C'est gagner sa vie : gagner du mécénat sur Patreon

En 2013, le musicien Jack Conte a réalisé un clip intitulé « Pedals ». Il a passé sept semaines et dépensé 10 000 dollars pour construire le décor : « Je me souviens du sang, de la sueur et des larmes, des mois de souffrance, des heures et des jours de création », a-t-il déclaré en riant.
La vidéo a rapidement accumulé un million de vues sur YouTube.
Et pour ce succès, YouTube lui a versé… 166 dollars. « Je me sentais sous-estimé, j'étais plein de ressentiment », a déclaré Conte. « J'ai commencé à me dire : "Je ne peux plus continuer comme ça." J'ai raconté cette histoire 10 000 fois – je suis encore ému quand j'y repense. Je me suis assis à ma table de cuisine et j'ai esquissé l'idée d'un meilleur système, d'une meilleure façon pour les créateurs de gagner de l'argent et de développer leur activité. »
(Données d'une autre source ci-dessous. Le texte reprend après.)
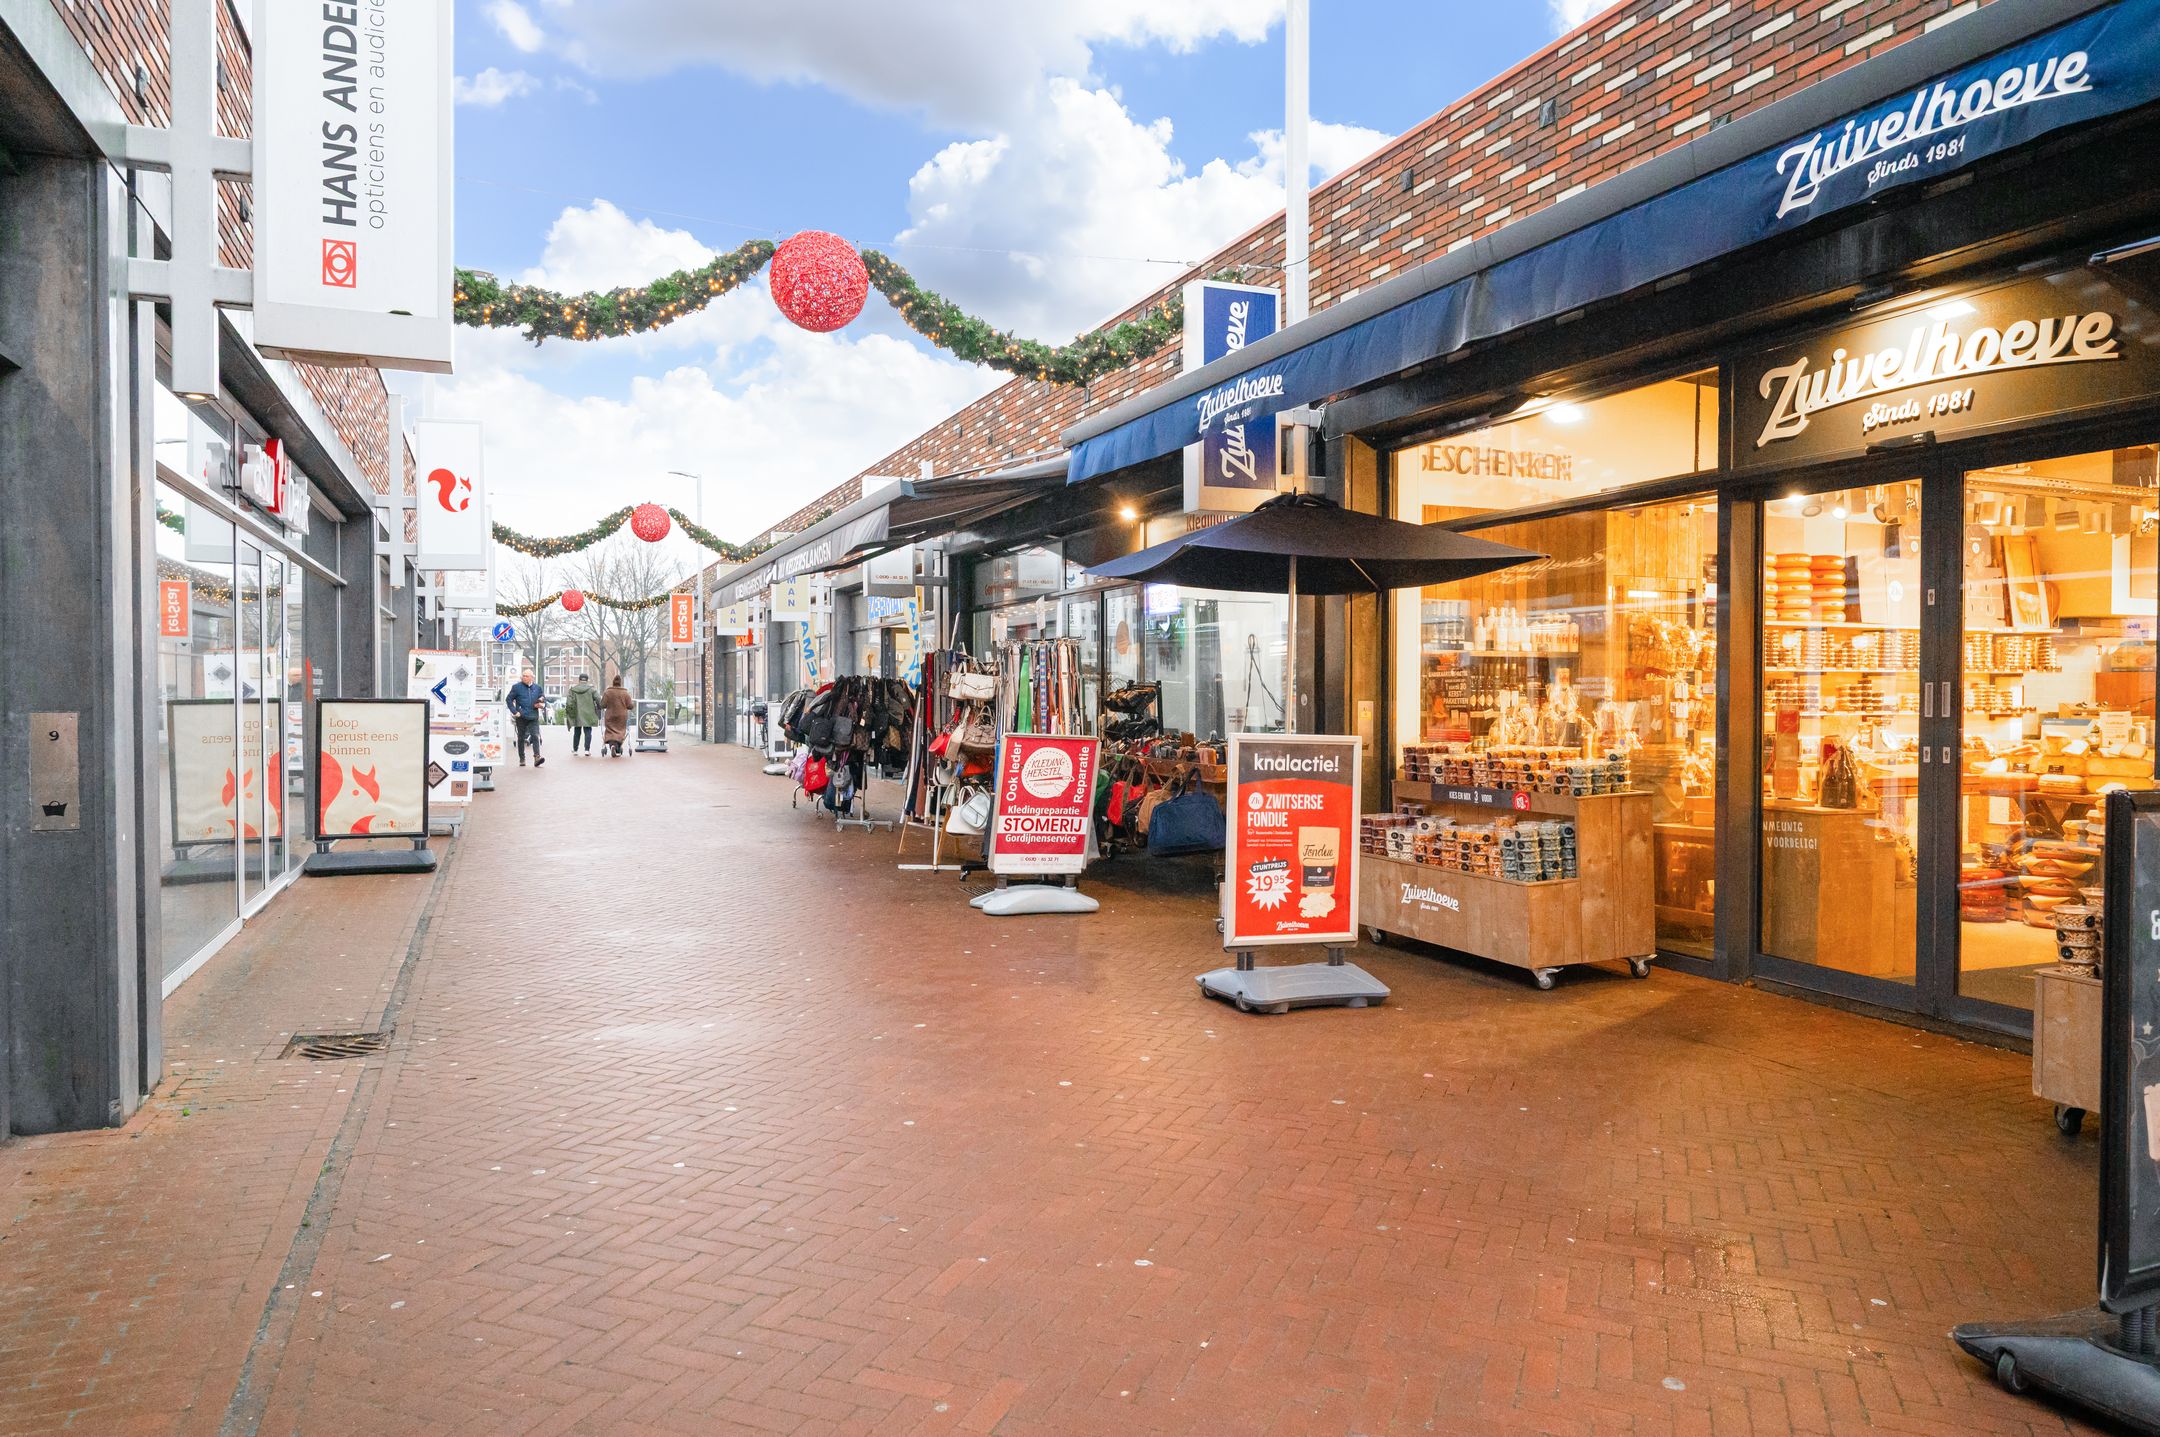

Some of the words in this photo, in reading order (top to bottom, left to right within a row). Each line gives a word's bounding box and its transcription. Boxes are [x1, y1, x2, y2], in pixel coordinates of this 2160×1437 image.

[322, 0, 358, 113] ANDE
[369, 86, 385, 114] en
[1776, 50, 2094, 219] Zuivelhoeve
[1867, 152, 1920, 189] Sinds
[1925, 134, 1965, 165] 1981
[322, 120, 358, 227] HANS
[368, 122, 388, 229] opticiens
[1757, 311, 2119, 448] Zuivelhoeve
[1197, 374, 1285, 435] Zuivelhoeve
[1862, 398, 1921, 432] Sinds
[1926, 387, 1974, 416] 1981
[675, 599, 688, 639] terStal
[329, 718, 359, 730] Loop
[48, 730, 60, 741] 9
[328, 732, 368, 744] gerust
[370, 732, 399, 742] eens
[329, 744, 371, 756] binnen
[1009, 742, 1023, 774] leder
[1026, 766, 1062, 778] HERSTEL
[1031, 757, 1066, 769] KLEDING
[1254, 753, 1339, 773] knalactie!
[1073, 746, 1090, 803] Reparatie
[1006, 777, 1019, 802] Ook
[1008, 805, 1080, 816] Kledingreparatie
[1265, 793, 1324, 810] ZWITSERSE
[1003, 817, 1083, 832] STOMERIJ
[1247, 811, 1289, 828] FONDUE
[1763, 820, 1804, 833] NMEUNIG
[1005, 833, 1077, 844] Gordijnenservice
[1766, 836, 1817, 850] VOORDELIG!
[1303, 845, 1334, 857] Fondue
[1252, 861, 1287, 872] STUNTPRIJS
[1401, 882, 1460, 912] Zuivelhoeve
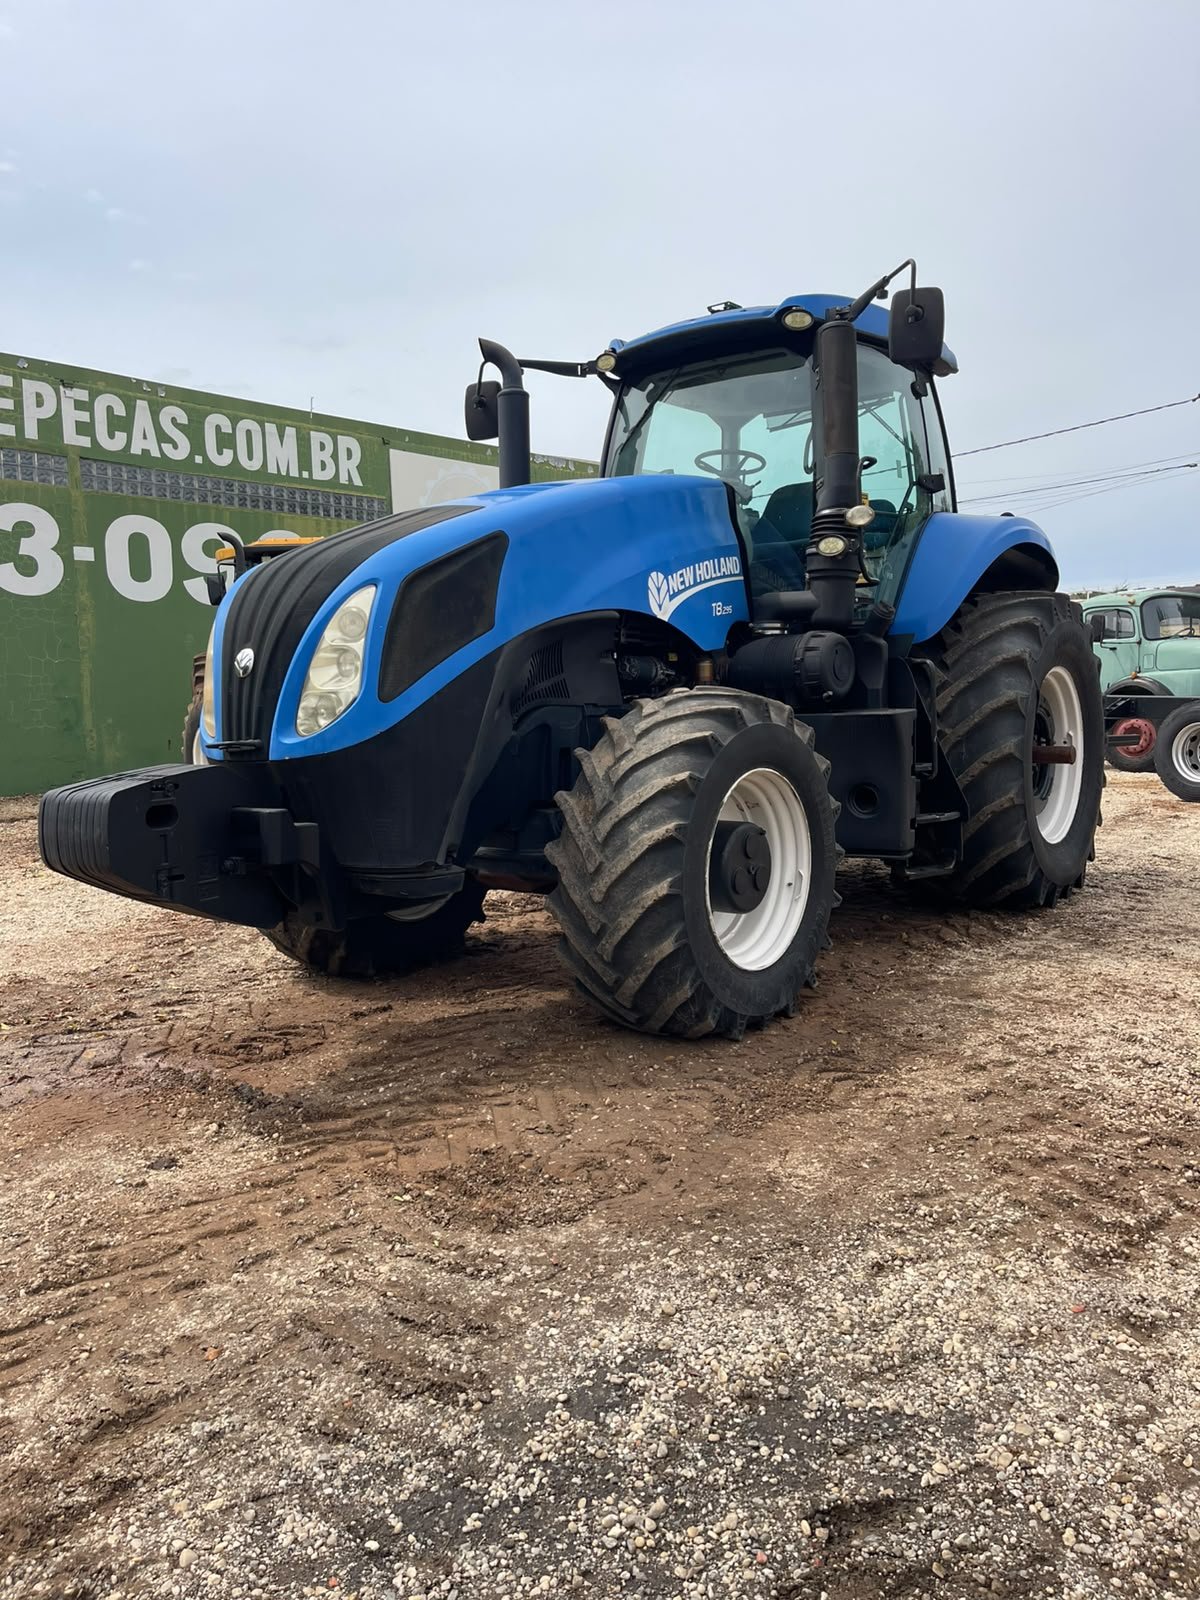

Il a baptisé cette solution « Patreon.com » . Ce service permet aux créateurs (artistes, musiciens, podcasteurs et vidéastes) d'obtenir des financements directement auprès de leurs fans sur Internet. Conte a déclaré : « Environ deux semaines après son lancement, je gagnais six chiffres en tant que créatif. »
Voici comment ça marche : vos plus grands fans peuvent vous payer, par exemple, 5 $ ou 10 $ par mois. En échange, vous êtes censé leur offrir des avantages exclusifs, comme des épisodes bonus, un accès anticipé aux nouveaux épisodes, des extraits ou des interactions en direct avec vous. « C'est du travail ; ce n'est pas de l'argent gratuit », a déclaré Conte. « Mais vous savez, comme c'est un revenu incroyable, ça vaut le coup pour la plupart des créateurs qui s'y essaient. »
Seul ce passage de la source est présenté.